The Indonesia Channel
- Country: Indonesia
- Broadcast area: Indonesia, Hong Kong, Malaysia, Netherlands, the Philippines, Singapore, and the United States
- Headquarters: Jakarta, Indonesia

Programming
- Language: English

Ownership
- Owner: PT Melia Media International

History
- Launched: 2 June 2014; 12 years ago (first incarnation) 2 October 2019; 6 years ago (second) 1 January 2026; 8 months ago (third and current incarnation)
- Closed: 29 February 2016; 10 years ago (first incarnation) 31 March 2023; 3 years ago (second incarnation)

= The Indonesia Channel =

Television channel

The Indonesia Channel is an international English-language television channel based in Jakarta, Indonesia. The channel is run by an international team of broadcast professionals, acquiring and producing content for global distribution.

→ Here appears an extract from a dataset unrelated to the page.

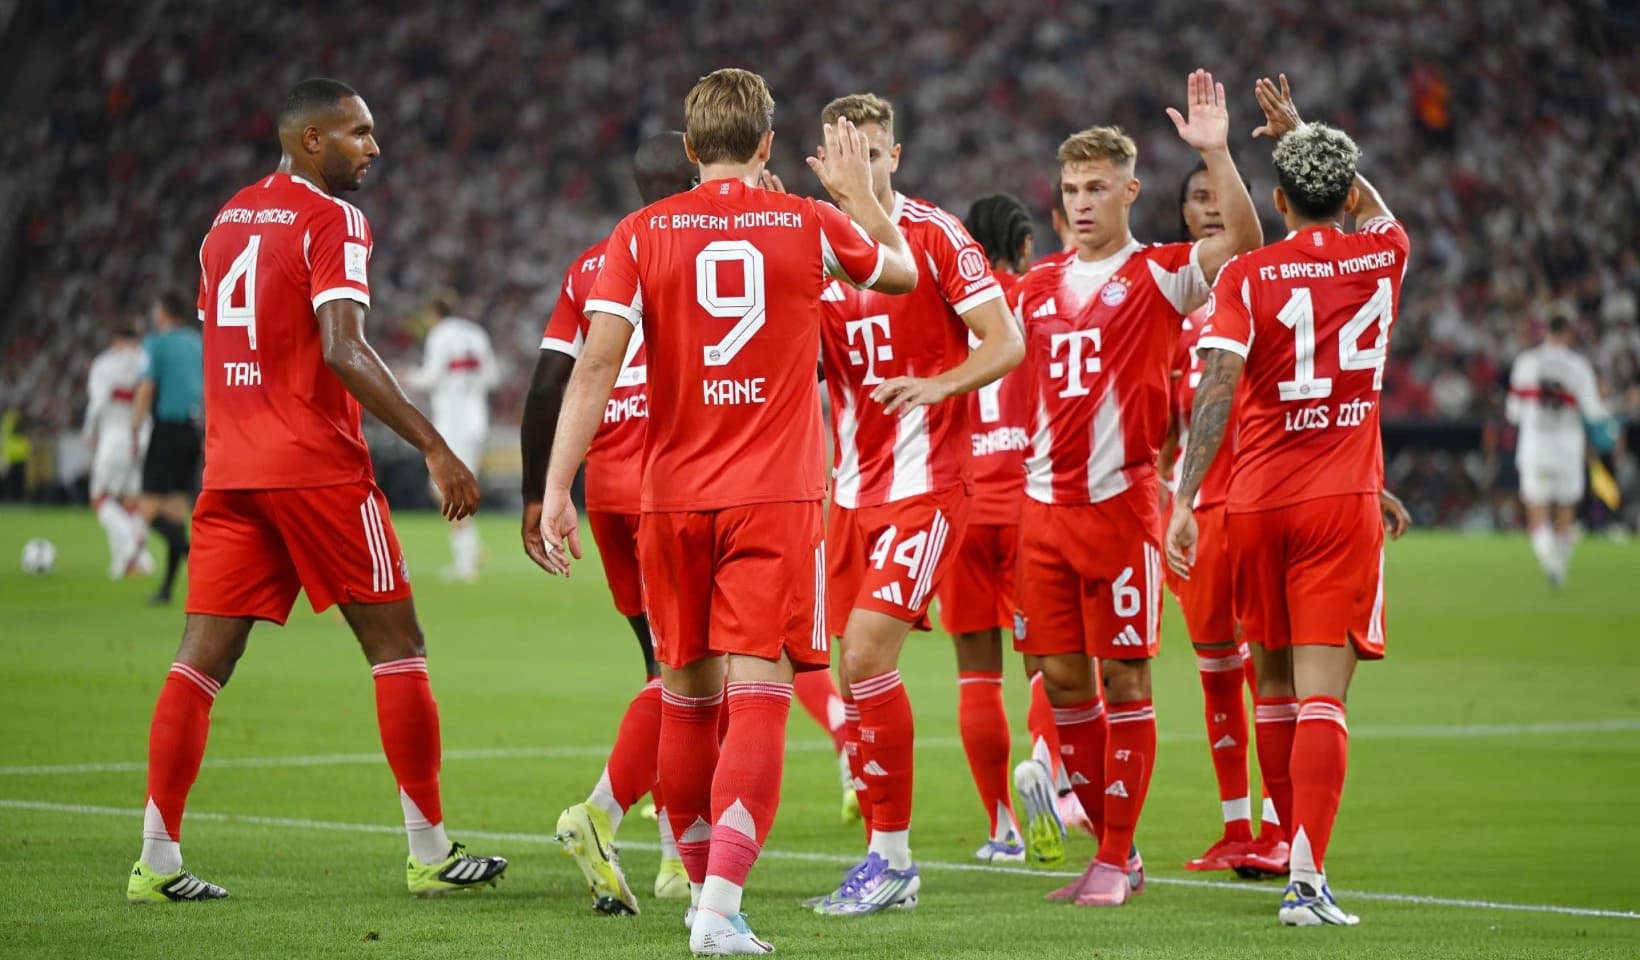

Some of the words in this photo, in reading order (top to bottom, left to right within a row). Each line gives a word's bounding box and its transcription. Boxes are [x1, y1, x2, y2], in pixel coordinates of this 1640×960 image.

The programming lineup blends hot entertainment programs with compelling news and talk shows.

Launched in June 2014, the network airs news programs, lifestyle programs, talk show programs, food programs, travel programs, sports programs, TV dramas under Drama Hour, and films under Indocinema.

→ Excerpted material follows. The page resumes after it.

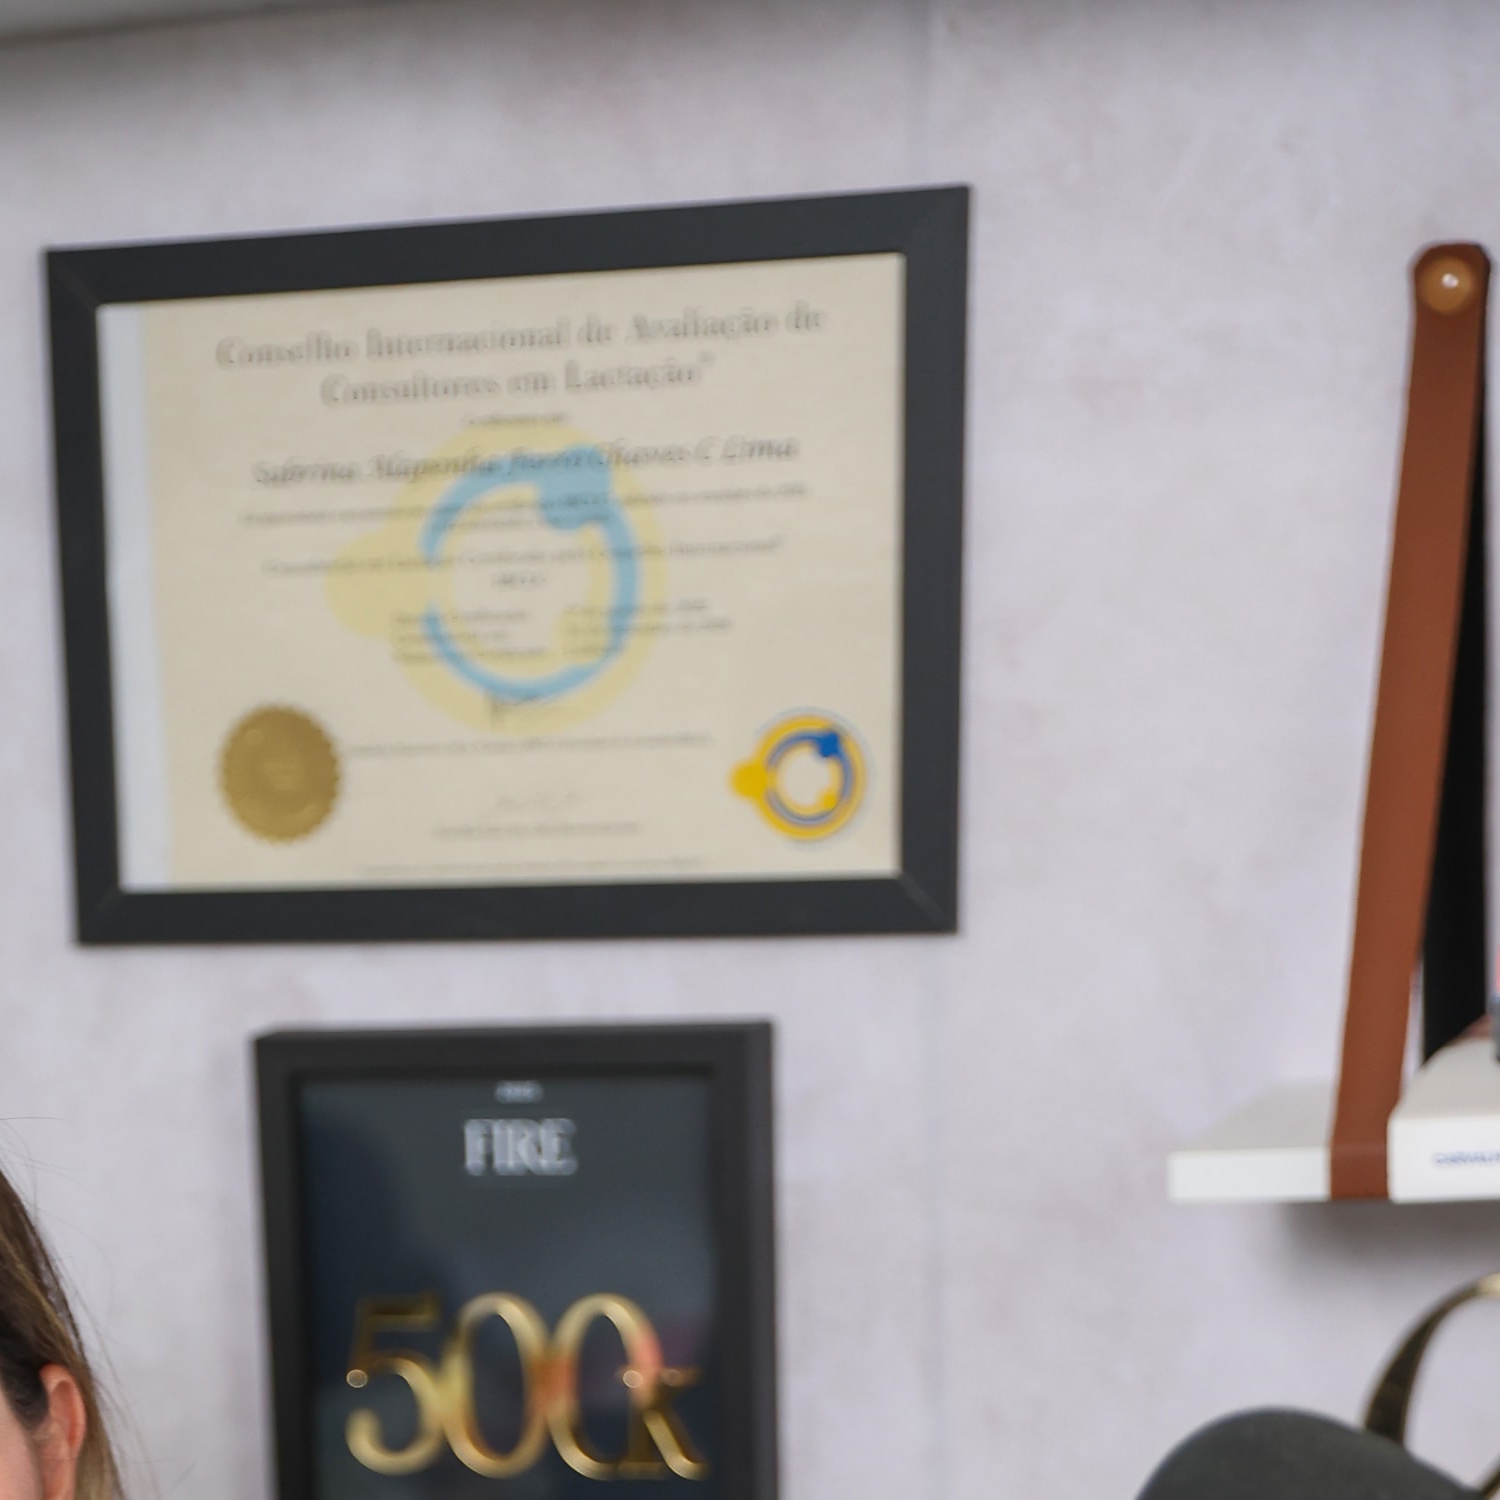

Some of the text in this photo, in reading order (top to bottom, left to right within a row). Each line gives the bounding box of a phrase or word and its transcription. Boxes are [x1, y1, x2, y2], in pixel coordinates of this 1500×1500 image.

[215, 330, 357, 371] Conselho
[365, 315, 570, 360] Internacional
[464, 1118, 578, 1177] FIRE

The Indonesia Channel is privately funded and the channel is currently owned by PT Melia Media International.

The first incarnation was shut down in Asia and parts of Europe and North America on 29 February 2016. The second incarnation was introduced on 2 October 2019.

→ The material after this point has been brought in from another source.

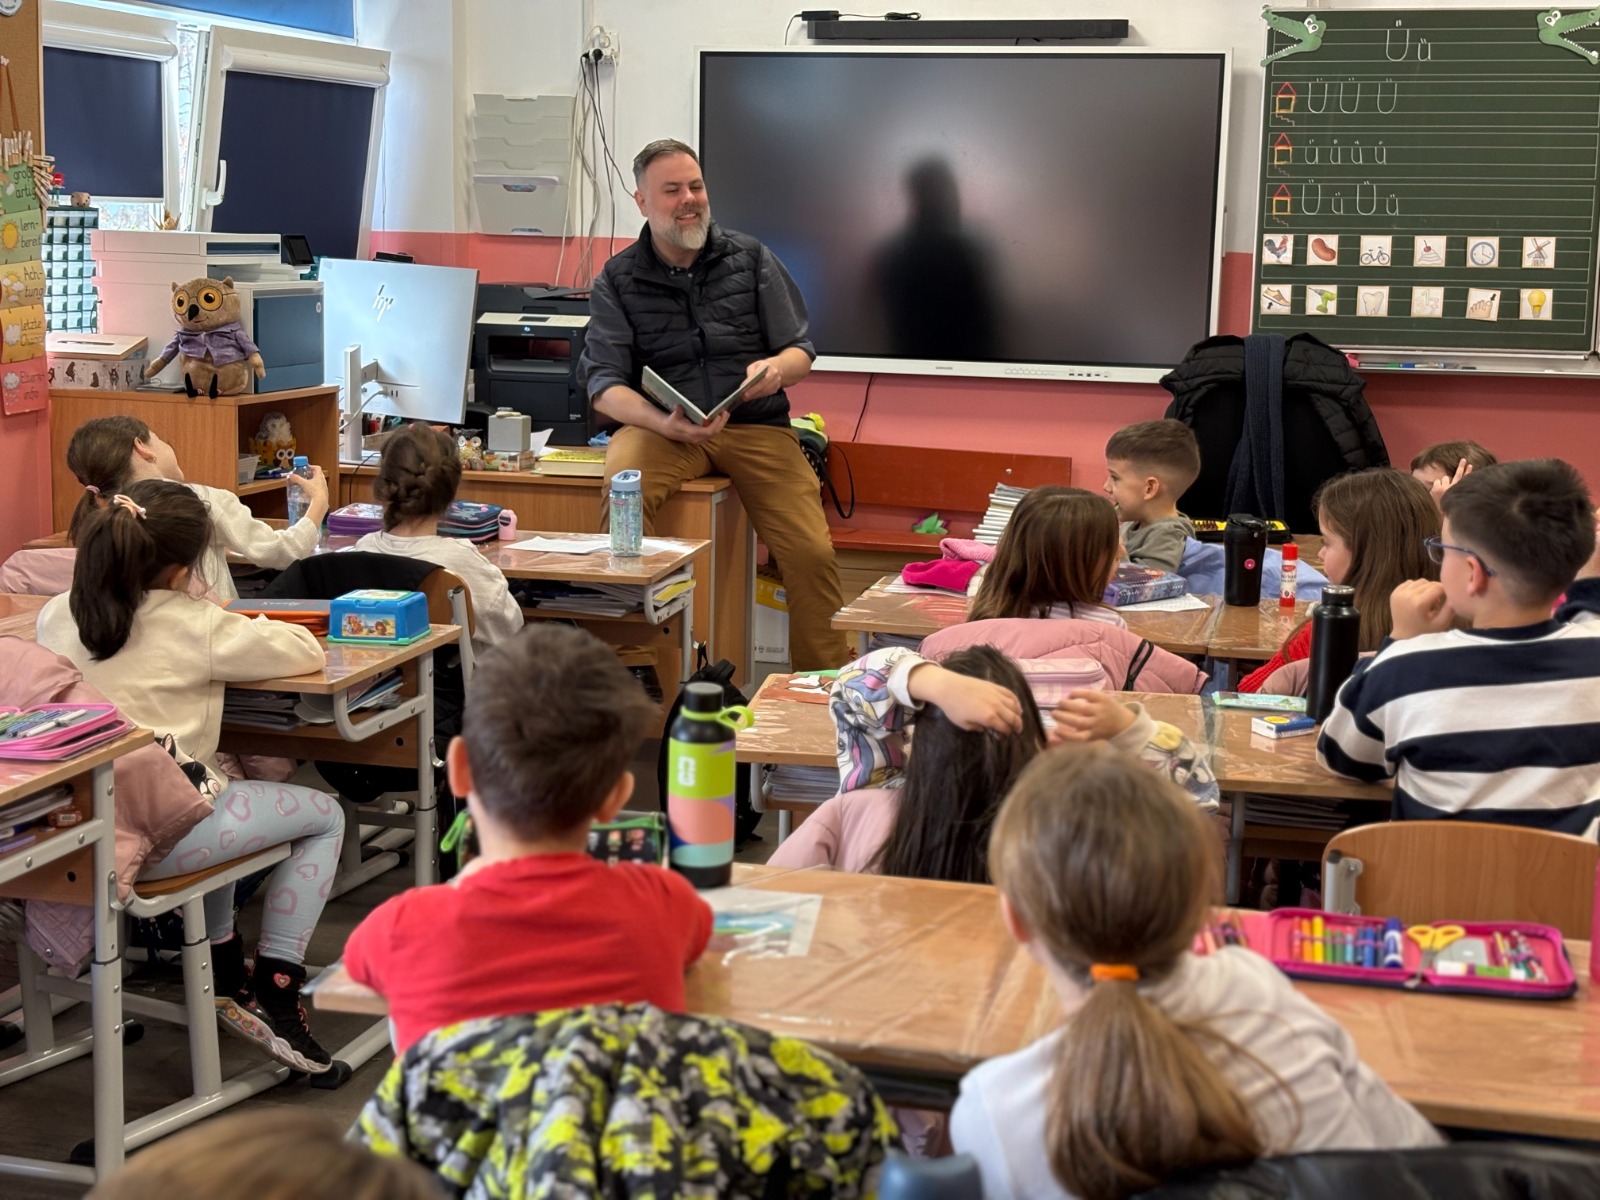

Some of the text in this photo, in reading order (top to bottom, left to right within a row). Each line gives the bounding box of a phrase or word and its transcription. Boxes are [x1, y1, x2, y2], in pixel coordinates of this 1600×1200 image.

[1385, 19, 1431, 62] Ü ü
[1307, 77, 1397, 114] Ü Ü Ü
[1301, 179, 1399, 216] Ü ü Ü ü
[24, 286, 44, 301] tung

The second incarnation was shut down in Asia and parts of Europe and North America on 31 March 2023. The third and current incarnation was introduced on 1 January 2026.

==Hosts==
- Dalton Tanonaka
- Louisa Kusnandar
- Prisma Kinanti
- Lorraine Hahn
- ASYIFA LATIEF
- Jamie Aditya
- Yenny Wahid
- Jemima Tumewu
- Janice Hermijanto

The Indonesia Channel Presenters

==Programs==
- Hot Indonesia
- ASEAN Today
- I-Pop Playlist
- Foodiepedia
- Drive Time
- Indonesia Hotspots
- Yoga Bliss
- IndoCinema
- The Home Team
- Indonesia Newsbreak

==Milestones==
- June 2, 2014: The Indonesia Channel was launched in both Jakarta, Indonesia and Hong Kong, this is the second Indonesian channel to launch on now TV.
- September 2, 2014: The Indonesia Channel was launched on UPC in the Netherlands.
- October 1, 2014: The Indonesia Channel was launched on StarHub TV.
- March 14, 2015: Some programs distributed on MHz Networks
- February 29, 2016: The Indonesia Channel suspended its broadcast in Indonesia, Hong Kong, Malaysia, Netherlands, Philippines, Singapore and the U.S.
- October 2, 2019: The Indonesia Channel was relaunched with new programs and lineup.
- April 20, 2021: The Indonesia Channel was launched on both ONIP TV and PZAZ TV.
- December 14, 2021: The Indonesia Channel was launched on MyRepublic channel 574.
- March 31, 2023: The second incarnation suspended its broadcast in Indonesia, Hong Kong, Malaysia, Netherlands, Philippines, Singapore and the U.S.
- January 1, 2026: The current incarnation was launched across Indonesia, Hong Kong, Malaysia, Netherlands, Philippines, Singapore and the U.S.